To seal the arrangement, a hard metallic seal 20 for sealing between the housing 3 and the valve piece 6 , a high-pressure seal 21 made of Teflon® for sealing between the push rod chamber and an annular channel 22 , a high-pressure seal 23 made of Teflon® in cooperation with a support ring 24 are used Seal between the control room 5 and the annular channel 22 and finally a hard metallic high pressure seal 25 is used for sealing between the control room 5 and the solenoid valve 8 . The arrangement of the seals 20 , 21 , 23 , 25 takes into account the pressures applied to the seals 20 , 21 , 23 , 25 . Hard metallic seals are proposed for high pressures. Teflon® seals are suggested for seals that are exposed to lower pressures or that have less of a leakage effect. The control room 5 is limited at the top by a hard seal. The seal 23 is pressed upward by the pressure acting on the seal 23 , as a result of which the control space 5 is kept as minimal as possible. Via the support ring 24 and the shape of the space around the seal 23 , the seal 23 is brought into a defined axial position. Since the pressure difference between the ring channel 22 and the control room 5 is smaller than the pressure difference between the control room 5 and the housing 3 , the use of the sealing material Teflon® is justified.

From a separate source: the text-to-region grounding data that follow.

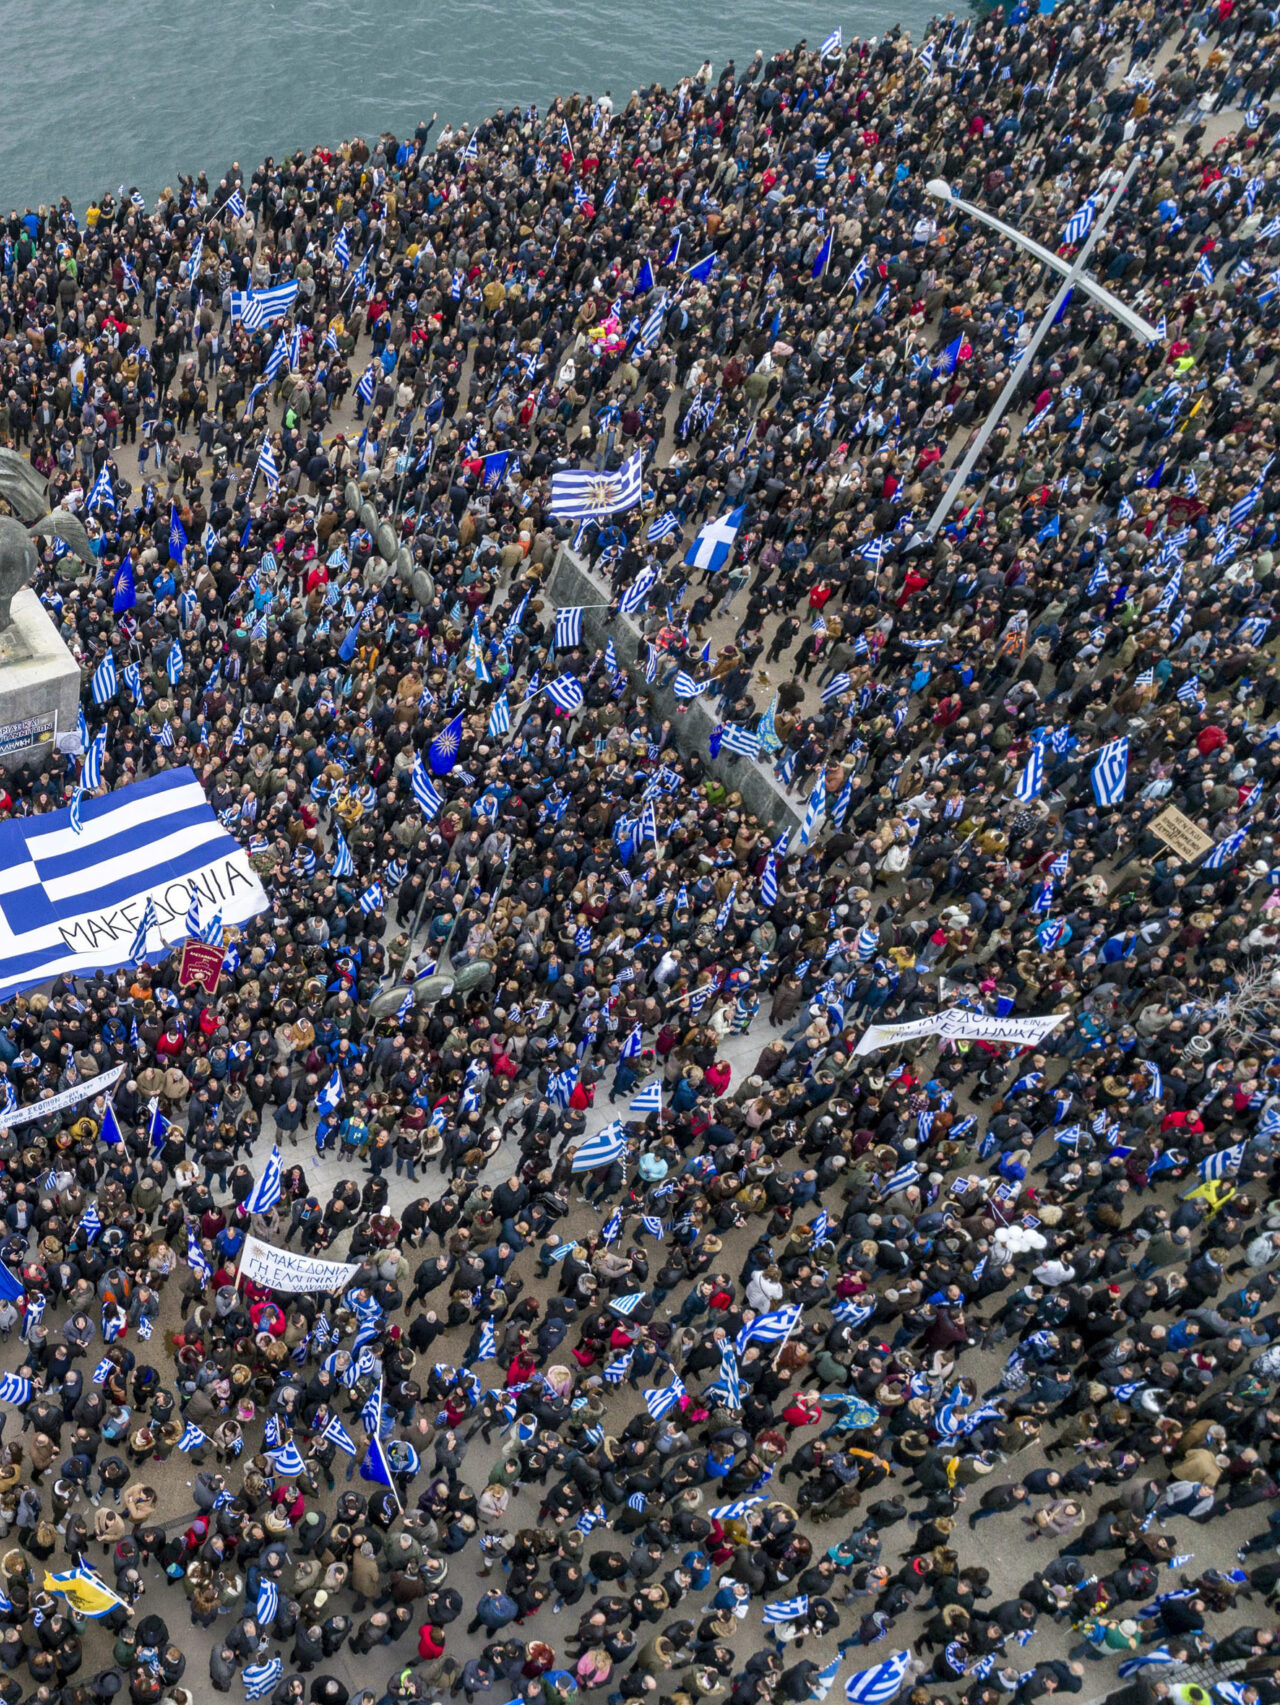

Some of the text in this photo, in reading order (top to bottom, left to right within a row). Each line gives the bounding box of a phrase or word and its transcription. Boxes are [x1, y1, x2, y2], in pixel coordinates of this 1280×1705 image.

[23, 716, 39, 729] ΚΑΙ
[59, 861, 253, 952] ΜΑΚΕΔΟΝΙΑ
[940, 1022, 1046, 1041] ΕΛΛΗΝΙΚΗ
[27, 1096, 61, 1115] ΣΚΟΠΙΩΝ
[249, 1258, 269, 1275] ΓΗ
[266, 1250, 349, 1276] ΜΑΚΕΔΟΝΙΑ
[252, 1271, 283, 1288] ΣΥΚΙΑ
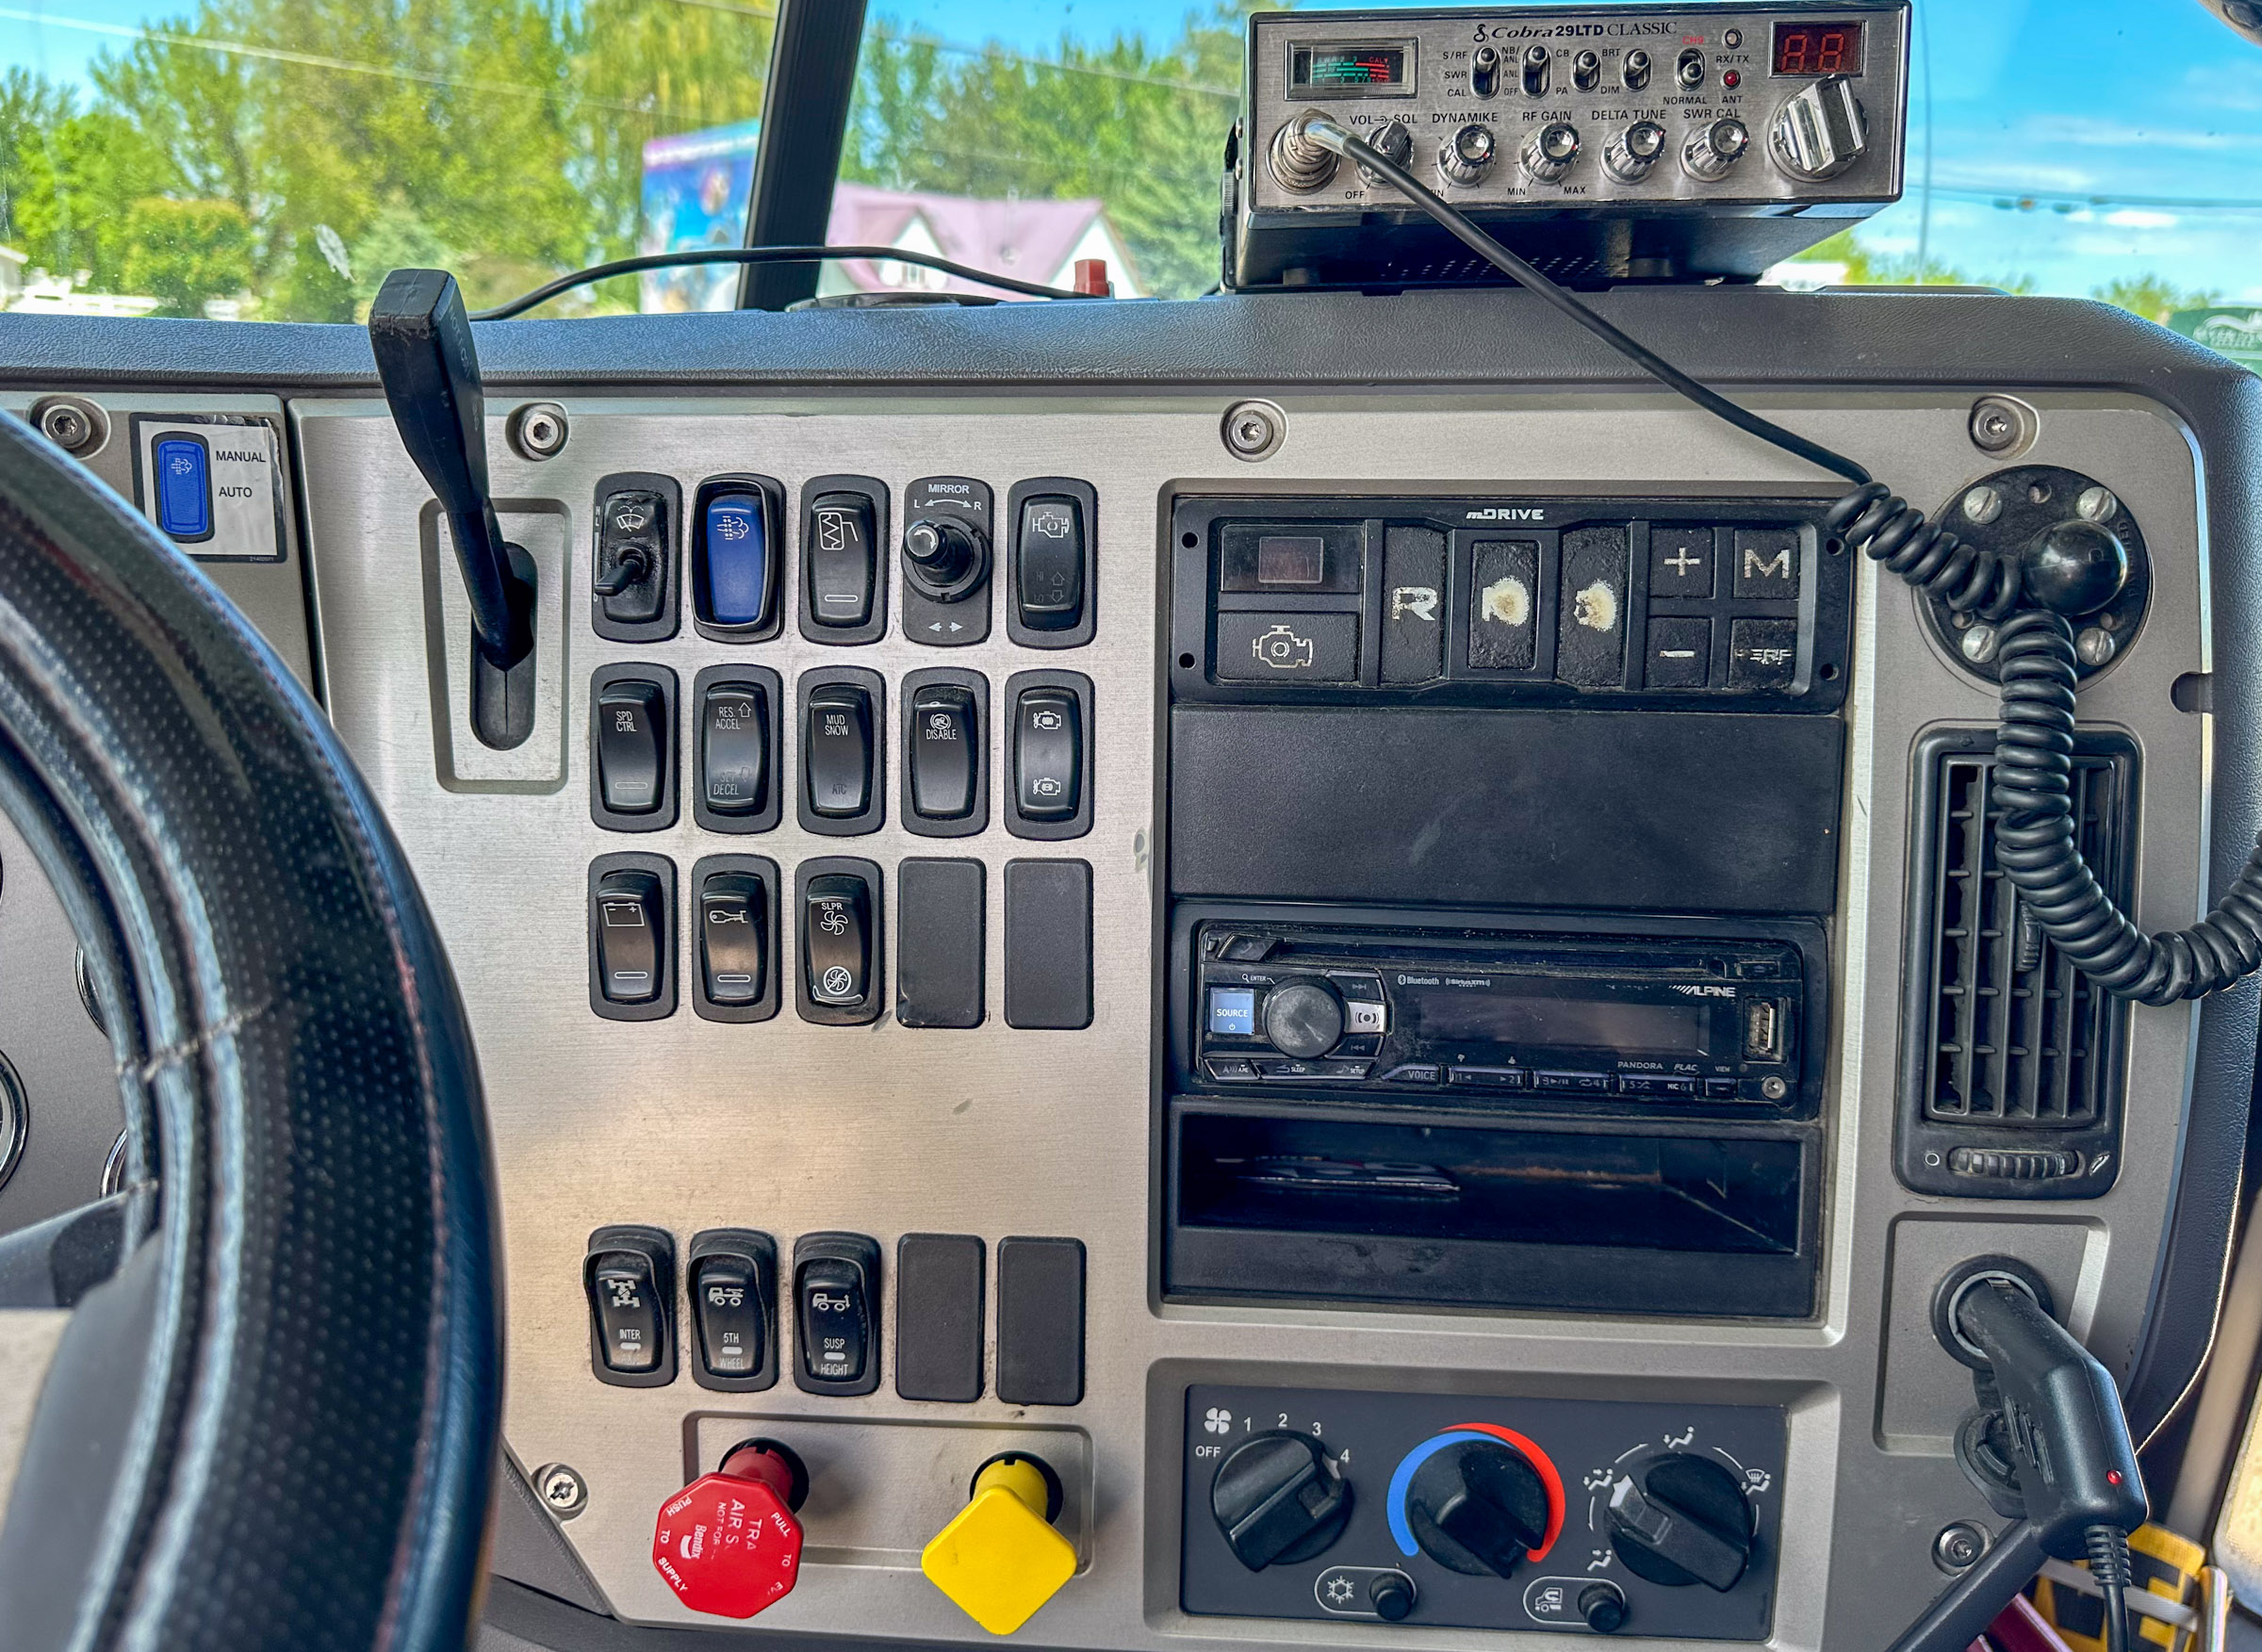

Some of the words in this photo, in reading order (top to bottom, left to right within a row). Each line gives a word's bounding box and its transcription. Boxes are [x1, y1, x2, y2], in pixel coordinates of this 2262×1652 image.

In order to ensure a targeted radial assembly of the valve piece 6 , since the connecting bores must meet, a radial fixation between the housing 3 and the valve piece 6 is carried out by means of a metallic pin 26 according to FIG. 2. Both in the housing 3 and in the valve piece 6 , a semicircular bore 27 , 28 is provided, in the space between which the pin 26 is pressed and thus provides a clear assignment. The arrangement of the fixation on a large diameter makes the assignment insensitive to tolerances. Above the connecting piece 6 there is a washer 29 with two lugs 30 according to FIG. 3, of which only one is shown in the detail of FIG. 3. The lugs 30 protrude into the housing 3 and thus prevent the disk 27 from rotating when a locking screw 31 is tightened. A rotation of the valve piece 6 when tightening the screw plug 29 is thus excluded. REFERENCE SIGN LIST 1 fuel injector
2 pressure line
3 housing
3 'injector
4 push rod
5 control room
6 valve piece
7 pressure line
8 solenoid valve
9 valve plate
10 bullet
11 anchor guide
12 anchor bolts
13 anchor plate
14 valve spring
15 anchor plate spring
16 anchor room
17 leakage line
18 Lower flow channel
19 Upper flow channel
20 seal
21 seal
22 ring channel
23 seal
24 support ring
25 seal
26 pen
27 hole
28 hole
29 disc
30 nose
31 screw plug
S ₁ flow path
S ₂ flow path
S ₃ flow path
S ₄ flow path

Claims (5)

1. Fuel injection device ( 1 ) with an injector ( 3 ') and with a solenoid valve ( 8 ) for controlling the injection process, which has at least one first flow channel in its interior for passing fuel through an armature space ( 16 ) of the solenoid valve ( 8 ) and at least has a second flow channel for returning fuel out of the solenoid valve ( 8 ) in the direction of the solenoid valve opening, the at least one second flow channel being connected to a fuel return to a fuel tank. 2. Fuel injection device according to claim 1, characterized in that an upper and a lower flow channel for flow feedback (S ₃ , S ₄ ) is provided. 3. Fuel injection device according to claim 1 or 2, characterized in that the fuel return is formed in the injector housing ( 3 ). 4. Fuel injection device according to one of the preceding claims, characterized in that the solenoid valve ( 8 ) is arranged to form a 90 ° angle to the injector housing ( 3 ). 5. Fuel injection device according to one of the preceding claims, characterized in that a leakage line ( 17 ) of the injector ( 3 ') is connected to a flow channel of the solenoid valve ( 8 ).